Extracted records
◇ ◇ ◇ ◇

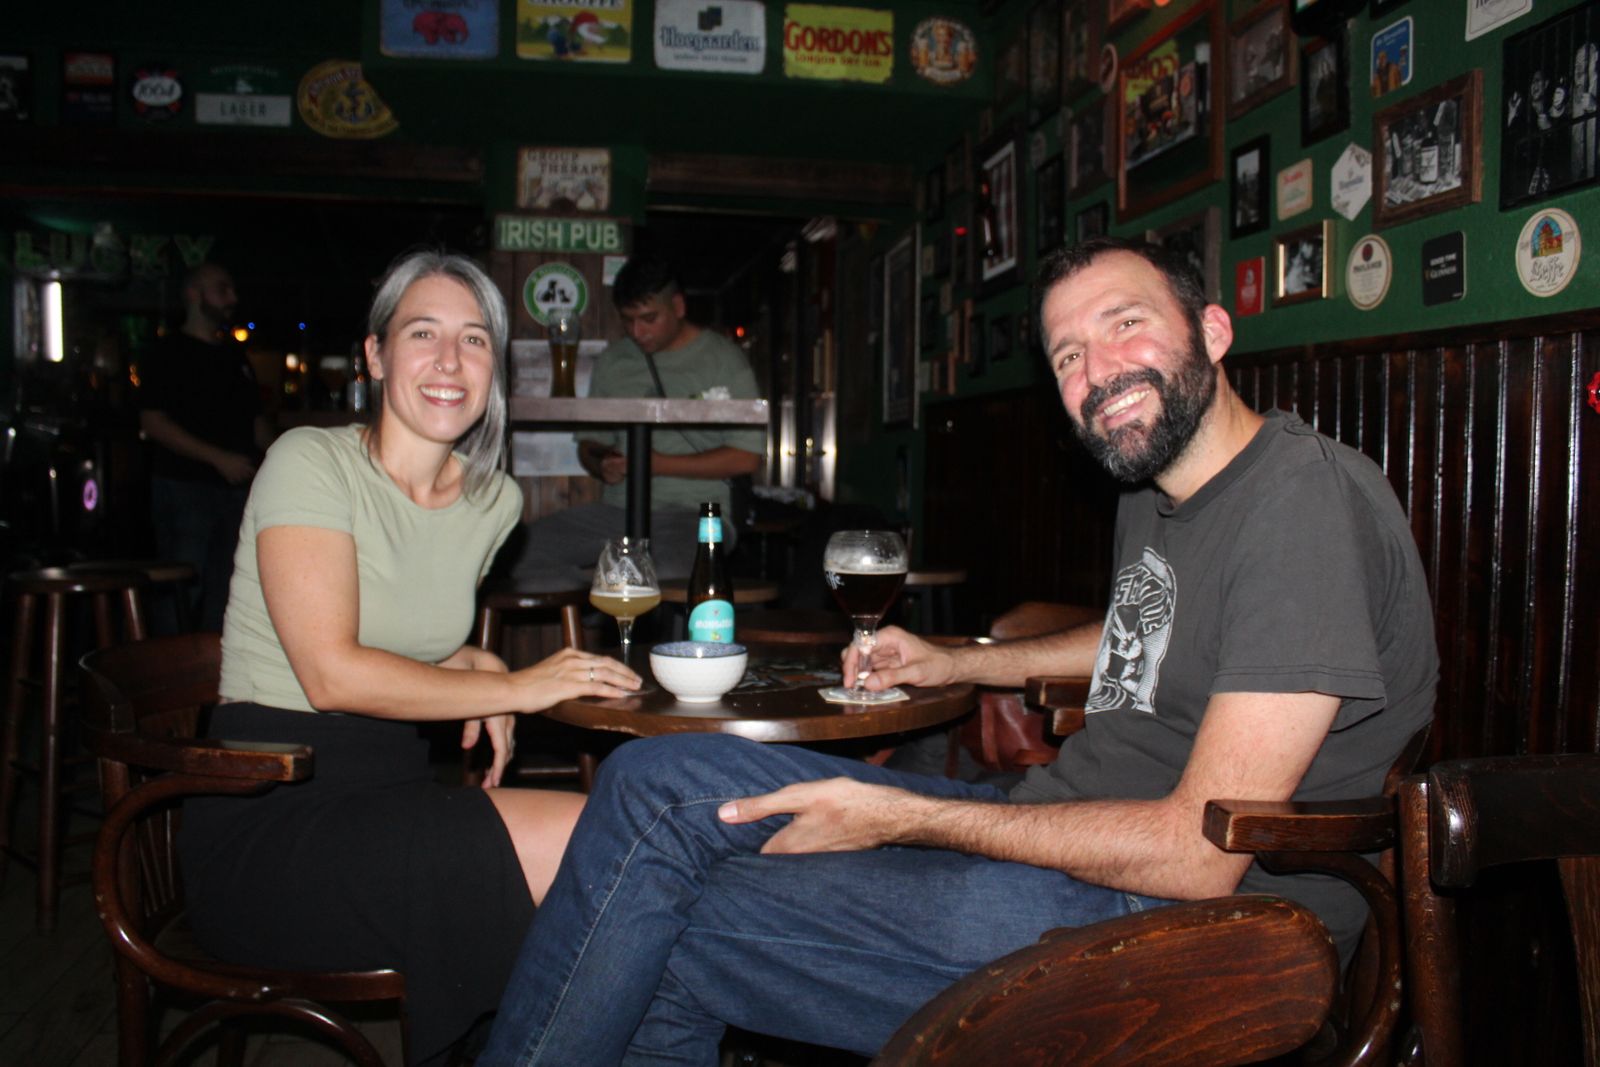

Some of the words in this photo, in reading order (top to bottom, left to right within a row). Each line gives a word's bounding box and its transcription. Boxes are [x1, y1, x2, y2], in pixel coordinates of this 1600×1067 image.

[219, 102, 267, 117] LAGER
[527, 151, 578, 162] GROUP
[540, 163, 608, 176] THERAPY
[501, 219, 562, 249] IRISH
[570, 221, 620, 250] PUB

◇ ◇ ◇ ◇

WORK REQUEST
Restate the records above in full and word for word, but do not carry over any pictures.

YOUR RESPONSE
Some of the words in this photo, in reading order (top to bottom, left to right within a row). Each line gives a word's bounding box and its transcription. Boxes are [x1, y1, x2, y2], in pixel coordinates of this 1600×1067 image.

[219, 102, 267, 117] LAGER
[527, 151, 578, 162] GROUP
[540, 163, 608, 176] THERAPY
[501, 219, 562, 249] IRISH
[570, 221, 620, 250] PUB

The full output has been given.